■ **TASK BRIEF**
Return all of the data exactly, omitting any images.

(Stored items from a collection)
※

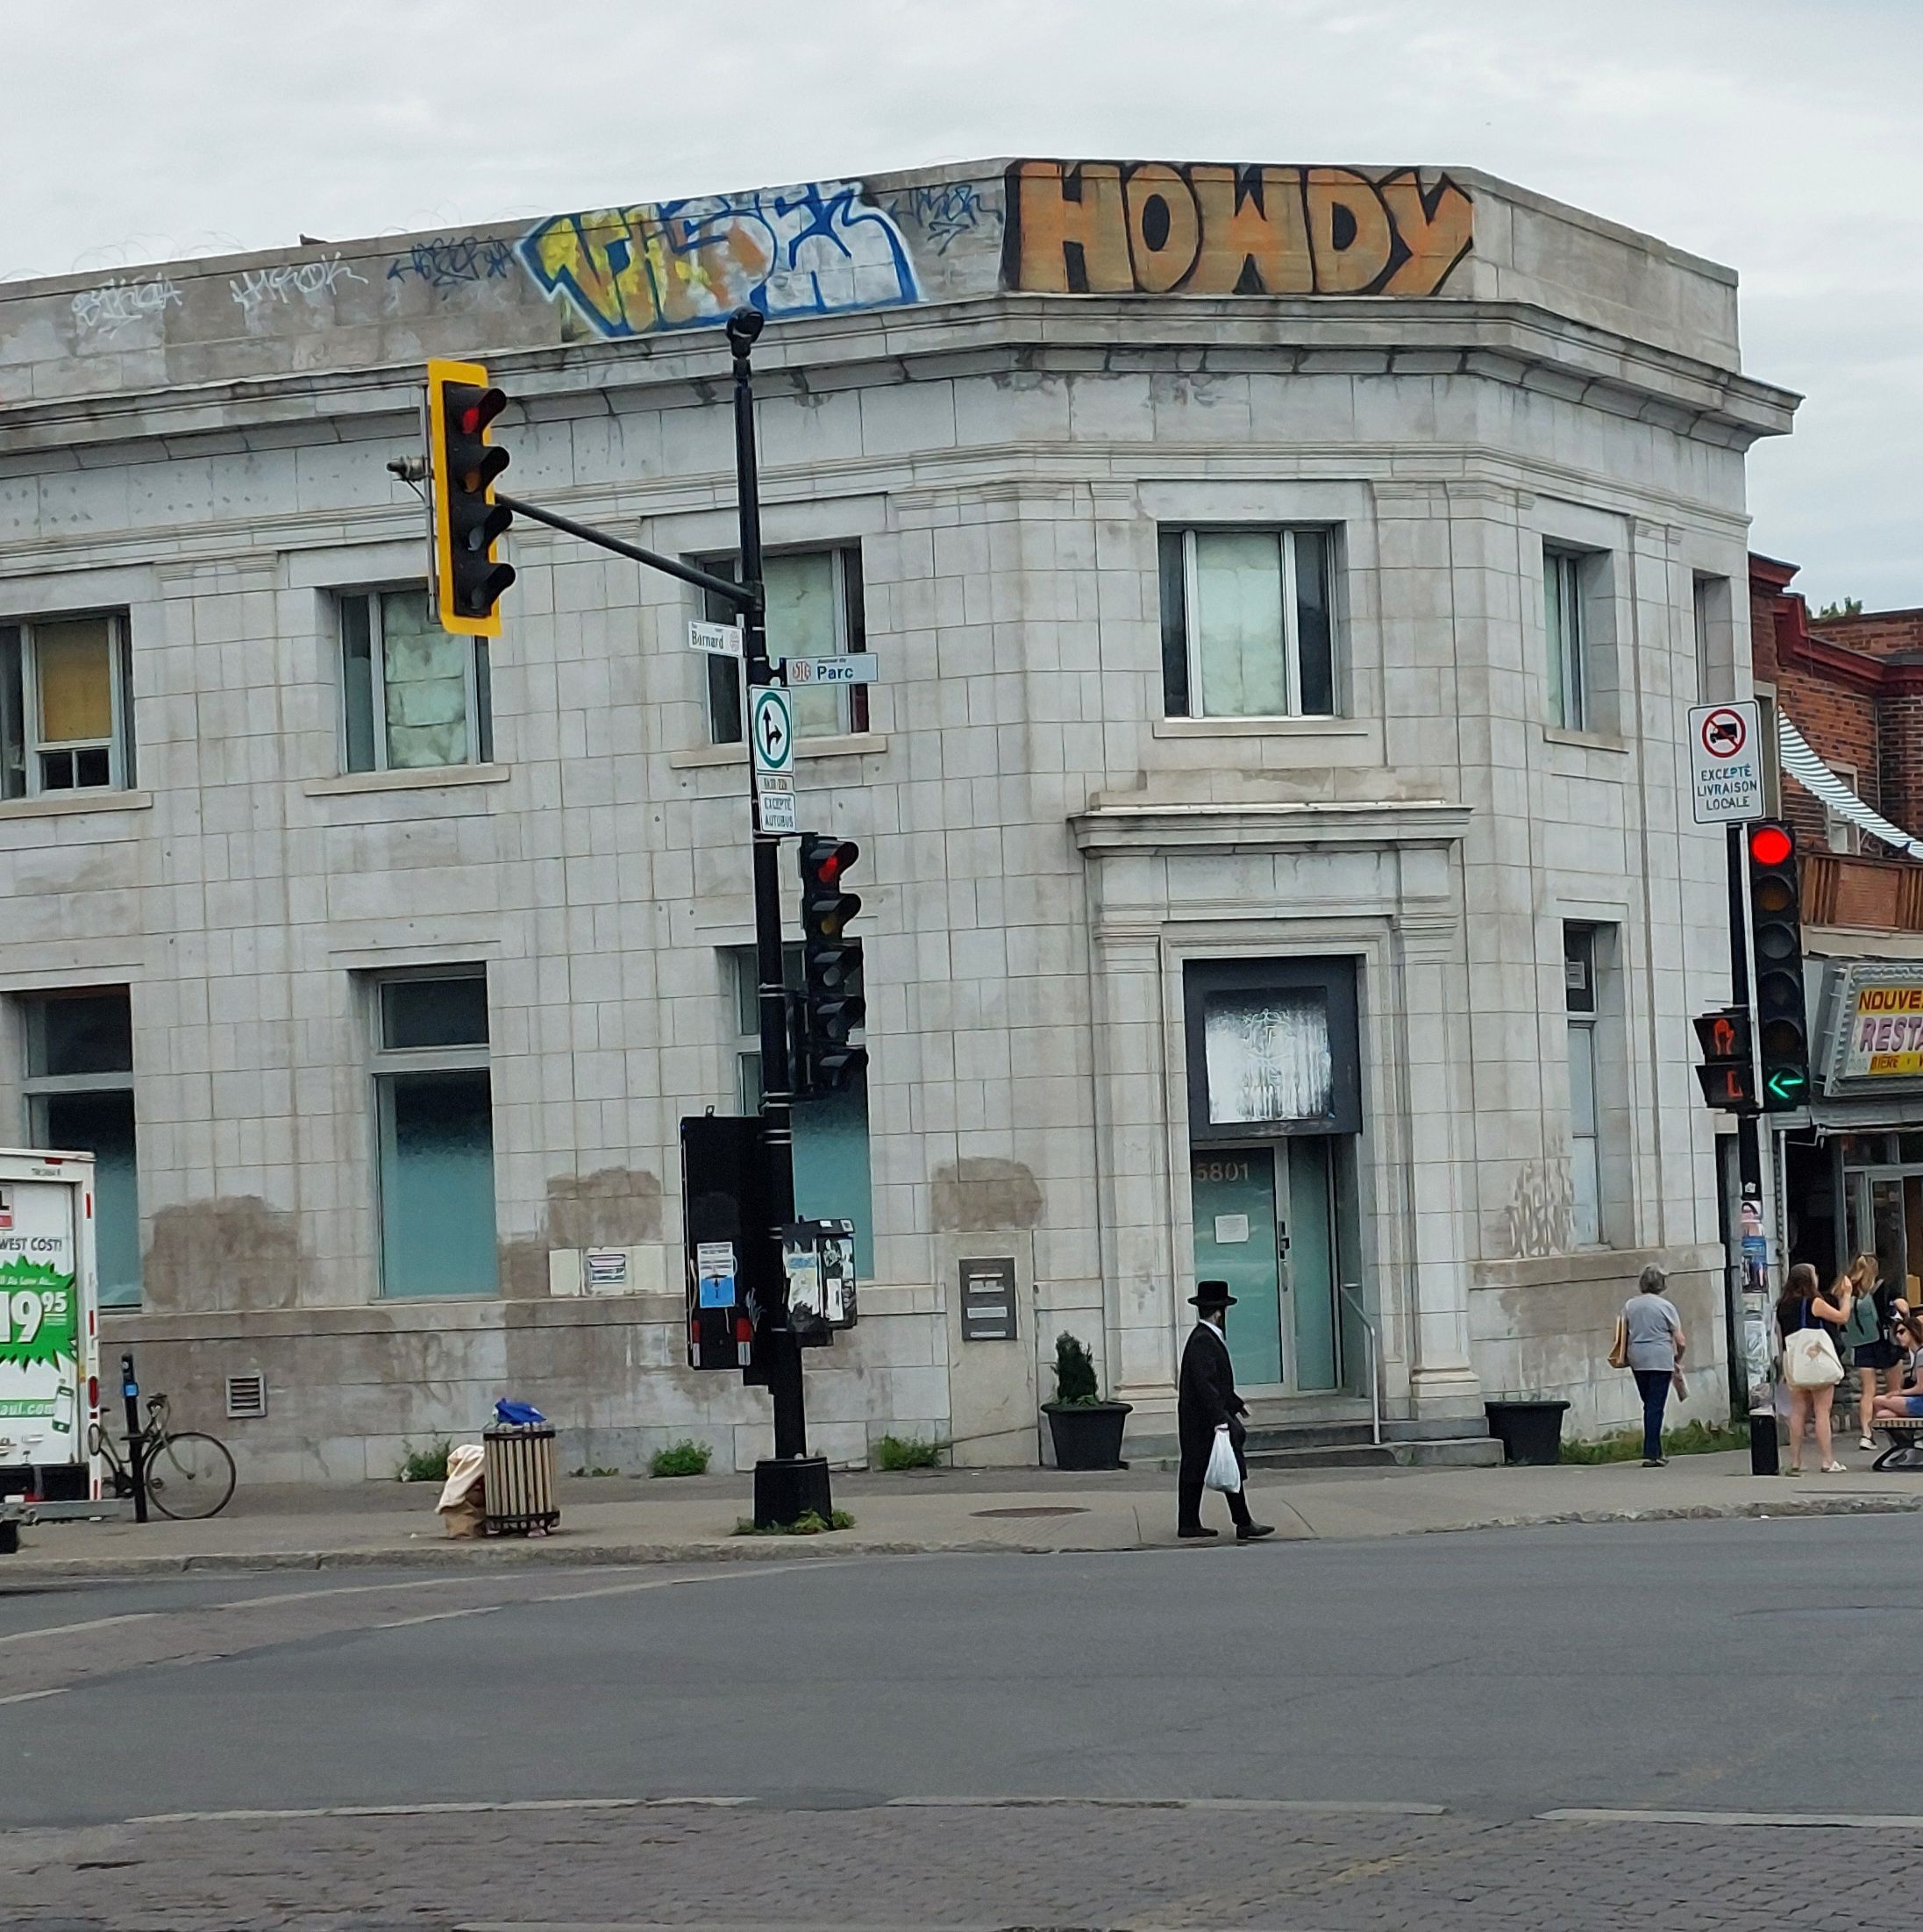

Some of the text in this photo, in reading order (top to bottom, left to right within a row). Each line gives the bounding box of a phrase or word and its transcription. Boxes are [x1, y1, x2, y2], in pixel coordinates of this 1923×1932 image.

[1002, 159, 1473, 298] HOWDY
[816, 665, 854, 681] Parc
[1697, 780, 1758, 797] LIVRAISON
[1706, 795, 1751, 811] LOCALE
[1859, 990, 1923, 1010] NOUVE
[1194, 1161, 1250, 1182] 5801
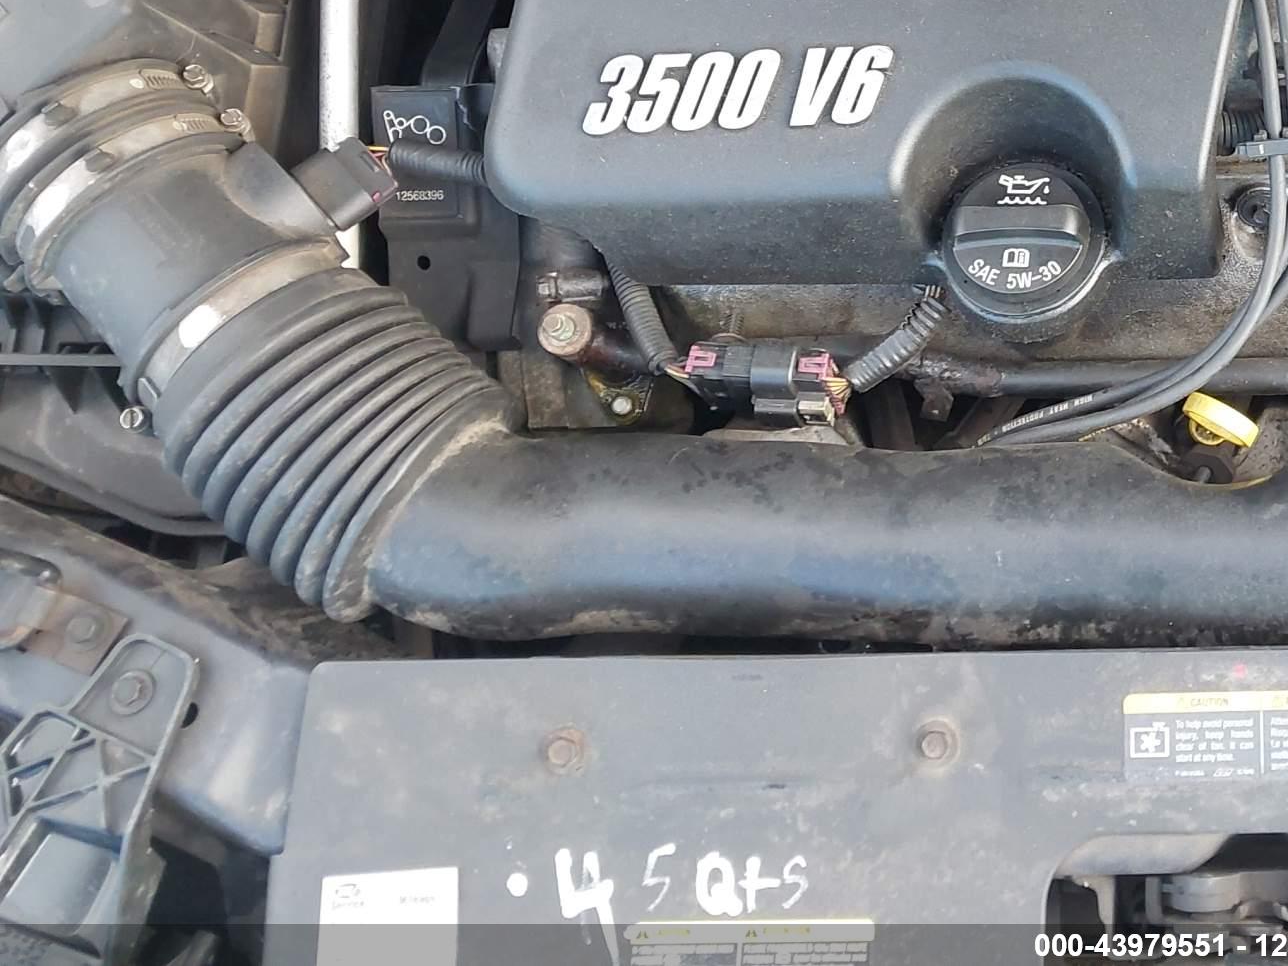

※

■ **EXERCISE SOLUTION**
Some of the text in this photo, in reading order (top to bottom, left to right within a row). Each line gives the bounding box of a phrase or word and its transcription. Boxes are [x1, y1, x2, y2], in pixel coordinates of this 1923×1932 image.

[1002, 159, 1473, 298] HOWDY
[816, 665, 854, 681] Parc
[1697, 780, 1758, 797] LIVRAISON
[1706, 795, 1751, 811] LOCALE
[1859, 990, 1923, 1010] NOUVE
[1194, 1161, 1250, 1182] 5801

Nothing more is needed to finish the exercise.